What are some of your essential pieces of gear that you use to produce and create music with Slothrust?

“For stage, I play a Fender Twin. [It] has been my go-to amp for a long time. At home right now, I have the Deluxe Reverb Tone Master amp, which is not a tube amp. It's a solid-state amp that Fender made to be a super-light version of the Twin Reverb. I love it because I can lift it with one hand. That being said, it doesn't get even a fraction as loud as the Twin Reverb does. 

“For recording, I will play a lot of different guitars. On both The Pact and Parallel Timeline, but particularly on Parallel Timeline, I played a guitar that my friend Rich made for me. His brand is called Venice Guitars

“We had him over for lasagna one night and then he was like, 'Oh, I have a surprise for you.' And I thought he was gonna show me a cool photo or something, and he pulled out this guitar. It's a Jazzmaster body style guitar so definitely, for me, the Jazzmaster body type is the one I've been playing for a long time now.

“The guitar he made me gets really smooth bends on it, and I love bending. That's one of my favorite things to do on the guitar and that's part of why I wanted to learn how to play lead guitar, because when you bend a note on the guitar, what you're doing is you're imitating the human voice. You can make the guitar sing in a way that is super-unique to that instrument. You can't do that on the piano.”

You spoke in another interview about your shift performing as a rhythm guitarist to lead guitarist especially after seeing “a lot of the boys [being] incredibly confident at playing lead” even though “a lot of them weren’t very good”. What do you think the barriers are for young women and non-binary artists taking on those lead roles?

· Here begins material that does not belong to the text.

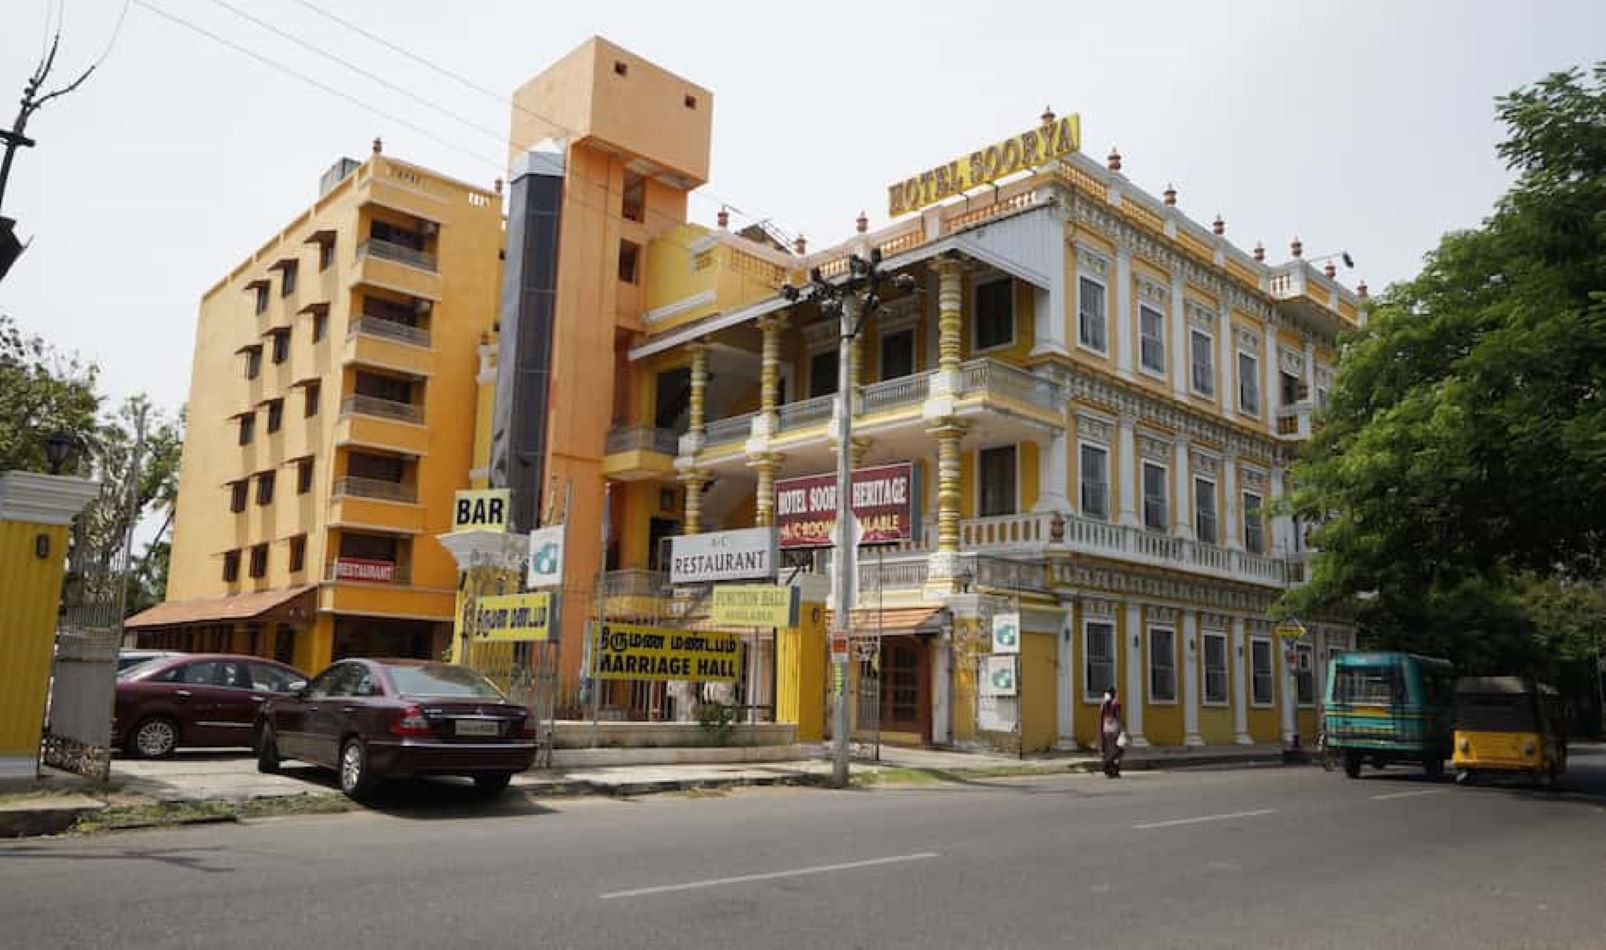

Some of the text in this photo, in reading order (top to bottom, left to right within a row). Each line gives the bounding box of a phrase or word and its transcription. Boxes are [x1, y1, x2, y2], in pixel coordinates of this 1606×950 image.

“People who are perceived to be female are often socialized to feel like they should be quiet and like they should be afraid of being particularly loud. Being loud is disruptive. It's calling too much attention to yourself. It's arrogant. It's all these things that are often considered positive qualities in young boys. 'Oh, he takes so many risks. He's so outgoing,’ you know? 

“Because of that, there's a culture where women haven't been as encouraged to be loud and to take up space, and when someone is made to feel as though they shouldn't be taking up space, they make themselves smaller. 

I've stayed completely open the entire time and not been attached to how anything had to be. I tried to let each of the songs on this record reveal themselves to me

“Guitar solos are the opposite of that. That's someone stepping out and taking a risk. Because of that, we end up with an issue of visibility because fewer people are inclined to be doing it loudly and proudly. 

“I'm happy to say that I think there's this massive shift happening with that, for sure, as we deconstruct gender and recognize how little it means in certain contexts and how fluid it is.”

Recent single The Next Curse dissects the current climate crisis and features Halestorm leader Lzzy Hale. How did that collaboration come about?

“I've been friends with Lzzy for a while and first heard her sing on YouTube, and was completely blown away by her voice. I'm a really big fan of musical theater and I think the highest praise I can give to a singer is just when I see them and I'm like, 'You should be on Broadway.' Honestly, it's kind of sleazy. But it's how I felt when I heard Lzzy sing. I felt like she was just such a star. 

“I heard her do things vocally that I had never heard women do before. She's able to scream and sustain pitch in a register that is just really unbelievable. It reminds me a bit of Steven Tyler.”

Parallel Timeline is your fifth studio album and follows 2018’s The Pact. What would you say are the biggest differences between both records for you as a songwriter?

“Something completely distinct about Parallel Timeline is that we've never performed any of these songs live before. Any performance of these songs has been me playing them acoustically on Zoom to people, versus The Pact, there were a handful of songs on there that we tried out live. 

“So the whole process of [this record] has been a little bit more mysterious. But within that, I've also stayed completely open the entire time and not been attached to how anything had to be. I tried to let each of the songs on this record reveal themselves to me.”